ITEM 1. SECURITY AND ISSUER.

This Amendment to Schedule 13D is being filed by the Reporting Persons to further amend the Schedule 13D last amended December 10, 2008.  The equity securities to which this statement relates are the Depository Shares, each representing 1/4 of a share of series "A" Convertible Exchangeable Preferred Stock (the “Depository Shares”) of the issuer, Westmoreland Coal Company whose principal executive offices are located at 2 North Cascade Ave., 2nd Floor, Colorado Springs, CO.  80903.


ITEM 2. IDENTITY AND BACKGROUND.

A)  This Statement is filed by:  Allen A. Blase

B)  The residence address of the reporting person is: 1073 SW 119th Ave, Davie, FL 33325

C)  The principal business of each of the reporting person is personal investment advisor and investor.
 
D)  The Reporting Persons has not, during the last five years, been convicted in a criminal proceeding (excluding traffic violations or similar misdemeanors).

E)  The Reporting Persons has not, during the last five years, been a party to a civil proceedings of a judicial or administrative body of competent jurisdiction and, as a result of such proceeding, was, or is subject to, a judgment, decree or final order enjoining future violations of, or prohibiting or mandating activities subject to, federal or state securities laws or finding any violation with respect to such laws.

F)  Allen A. Blase is a US Citizen

ITEM 3. SOURCE AND AMOUNT OF FUNDS OR OTHER CONSIDERATION. All securities of the Company owned by the reporting person was purchased with personal funds and/or on margin.

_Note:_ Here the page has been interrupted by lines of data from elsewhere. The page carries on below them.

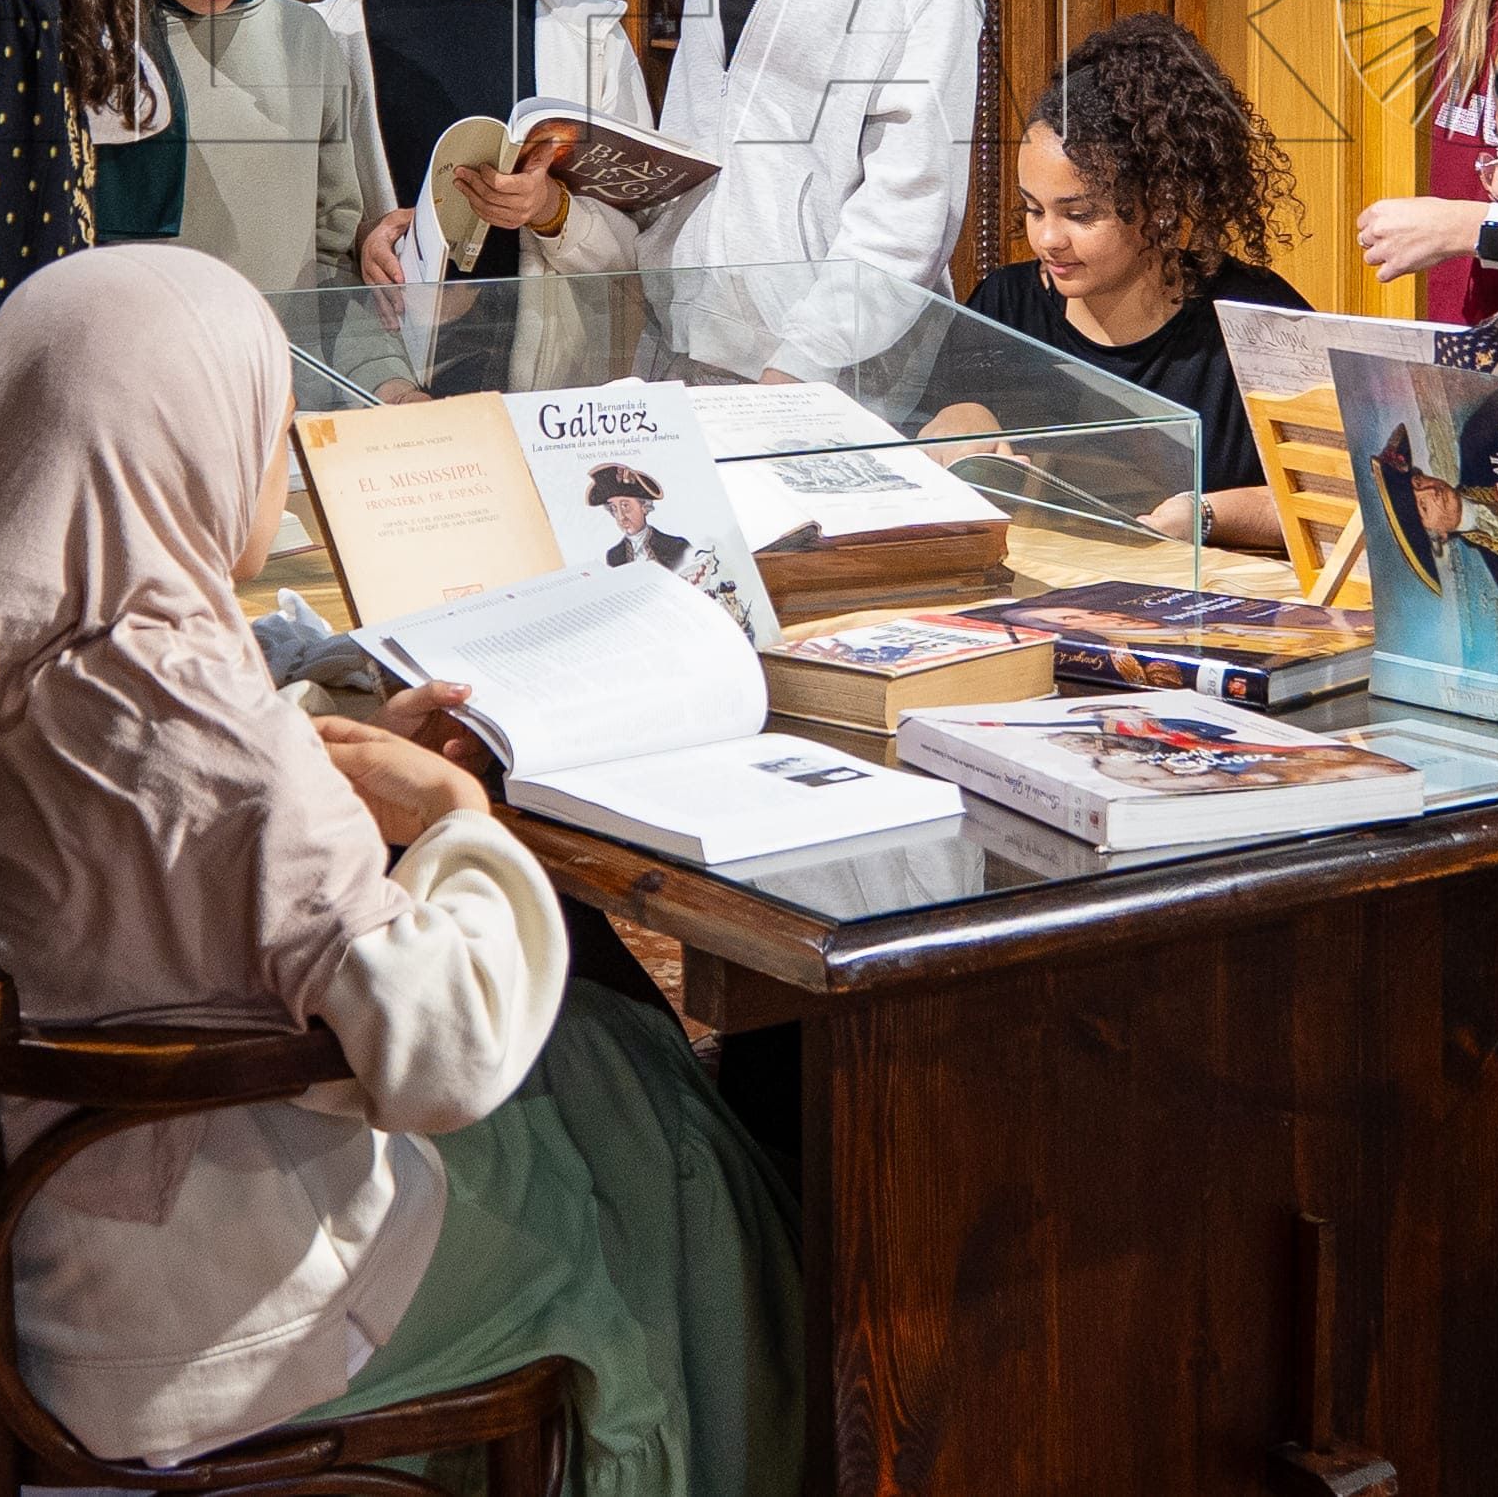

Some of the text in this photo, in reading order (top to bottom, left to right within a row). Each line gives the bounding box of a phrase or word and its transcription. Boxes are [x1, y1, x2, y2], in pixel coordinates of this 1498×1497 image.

[589, 142, 673, 179] BLAS
[539, 402, 658, 439] Gálvez
[597, 400, 647, 412] Bernardo de
[532, 443, 543, 452] La
[544, 441, 576, 452] aventura
[577, 438, 586, 448] de
[358, 462, 488, 493] EL MISSISSIPPI,
[365, 484, 493, 511] FRONTERA DE ESPAÑA

The securities are held in margin accounts at Merrill Lynch and other broker dealers on such firm’s usual terms and conditions. Different amounts were borrowed from time to time depending on the ratio of equity to debt in the account.


ITEM 4. PURPOSE OF TRANSACTION.
The purpose of the transactions was the accumulation of Westmoreland Coal Co. Depository Shares with the expectation of high return and for investment purposes.  The reporting person has no plans or proposals relating to any of the other Items listed in a-j.

ITEM 5.  INTEREST IN SECURITIES OF THE ISSUER.
The following disclosure of share ownership by the Reporting Persons is as of the date of this Amendment to Schedule 13D.  The percentages used herein and in the rest of Item 5 are calculated based upon 640,516  Depository Shares of the Company issued and outstanding as of November 2, 2009, as disclosed in the Company’s September 30, 2009 Quarterly Report on Form 10-Q filed with the SEC on November 9, 2009:


A. The aggregate number of Depository Shares beneficially owned is: 820; percentage: 0.001%.

B. Sole power to vote or direct vote: 820
Shared power to vote or direct vote: -0-
Sole power to dispose or direct the disposition: 820
Shared power to dispose or direct the disposition: -0-
 

 

 
C. Reporting Person has not engaged in any transactions in the Depository Shares in the last 60 days

D. No other person is known to have the right to receive or the power to direct the receipt of dividends from, or the proceeds from the sale of, such securities.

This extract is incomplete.